[Collected data]

■ ■ ■ ■ ■

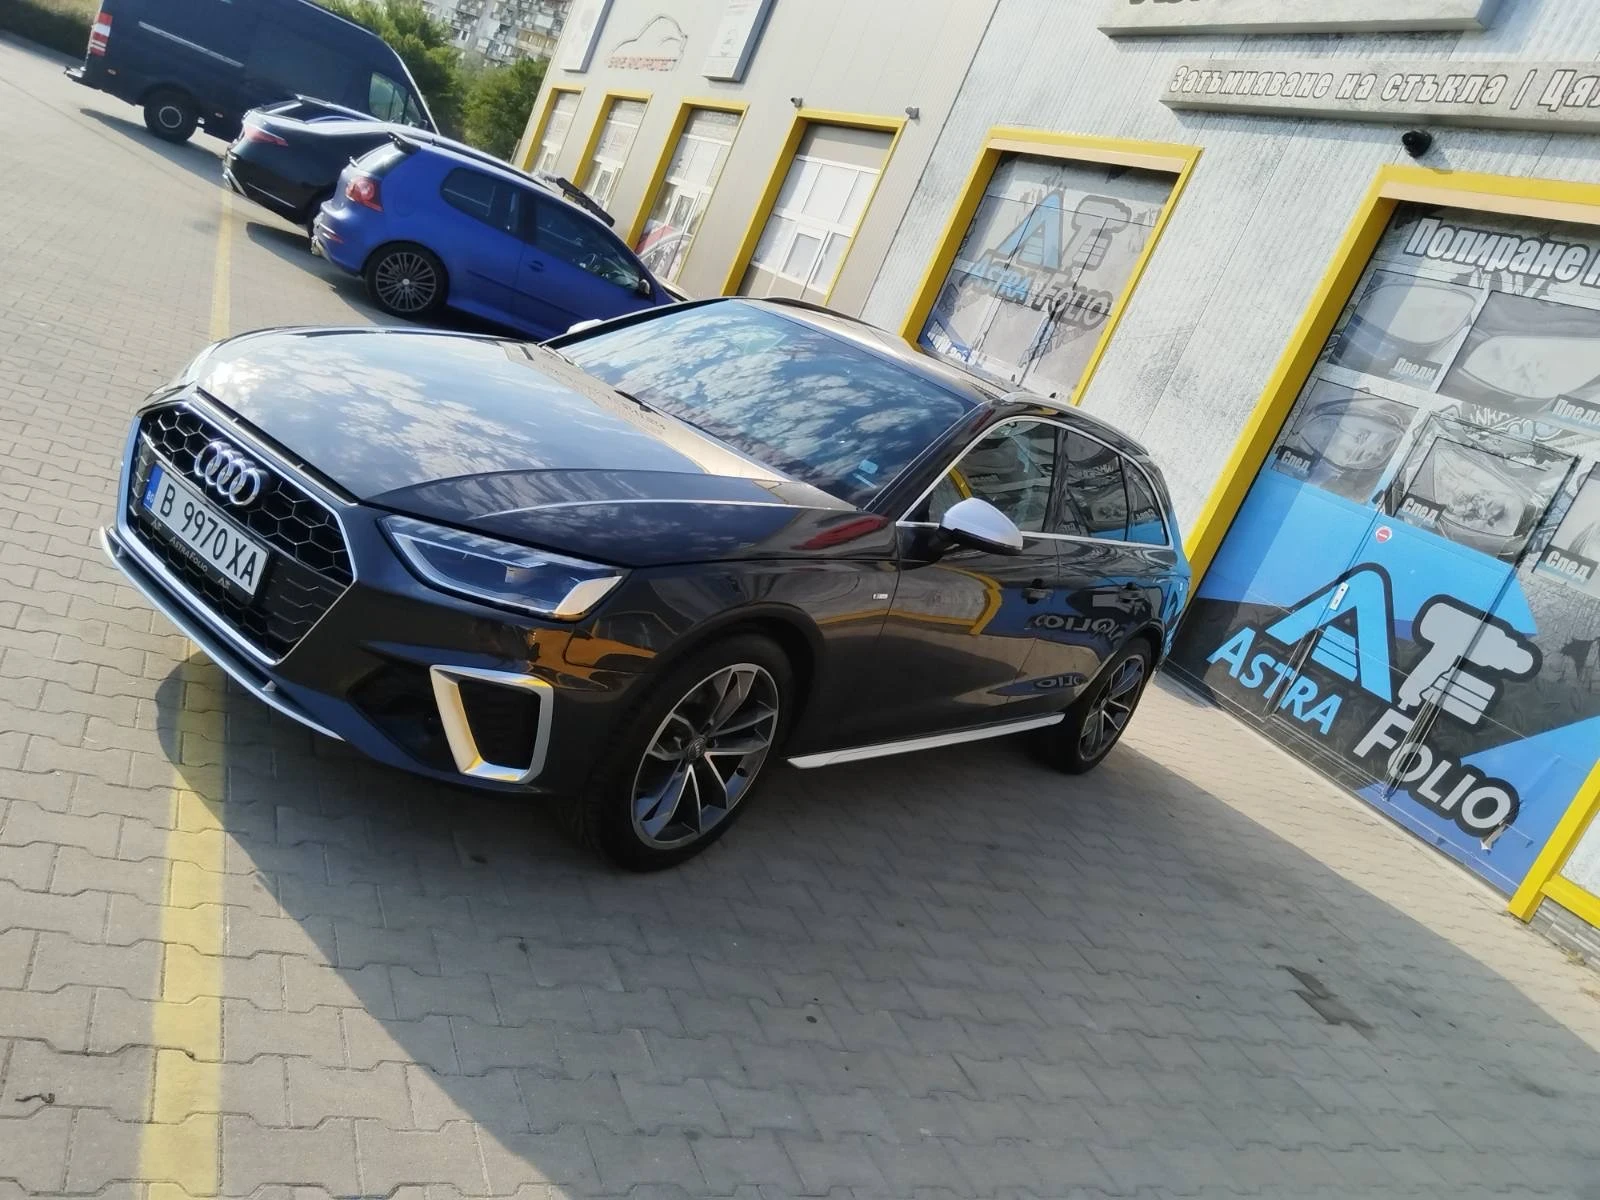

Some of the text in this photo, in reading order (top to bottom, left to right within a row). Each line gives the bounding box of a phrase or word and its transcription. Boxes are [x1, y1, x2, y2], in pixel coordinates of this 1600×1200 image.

[1169, 66, 1334, 98] Затъмняване
[1335, 73, 1378, 100] на
[1381, 74, 1508, 104] стъкла
[1537, 69, 1600, 112] Ця
[1403, 217, 1590, 283] Полиране
[966, 253, 1033, 302] ASTRA
[1392, 357, 1437, 381] Преди
[1281, 450, 1311, 473] След
[1401, 497, 1439, 525] След
[160, 483, 257, 587] B 9970 XA
[1545, 550, 1591, 581] След
[1206, 627, 1343, 735] ASTRA
[1353, 708, 1511, 829] FOLIO

■ ■ ■ ■ ■

▸ Task objective: Omit the pictures; restate every entry word for word.

▸ Exercise output:
Some of the text in this photo, in reading order (top to bottom, left to right within a row). Each line gives the bounding box of a phrase or word and its transcription. Boxes are [x1, y1, x2, y2], in pixel coordinates of this 1600×1200 image.

[1169, 66, 1334, 98] Затъмняване
[1335, 73, 1378, 100] на
[1381, 74, 1508, 104] стъкла
[1537, 69, 1600, 112] Ця
[1403, 217, 1590, 283] Полиране
[966, 253, 1033, 302] ASTRA
[1392, 357, 1437, 381] Преди
[1281, 450, 1311, 473] След
[1401, 497, 1439, 525] След
[160, 483, 257, 587] B 9970 XA
[1545, 550, 1591, 581] След
[1206, 627, 1343, 735] ASTRA
[1353, 708, 1511, 829] FOLIO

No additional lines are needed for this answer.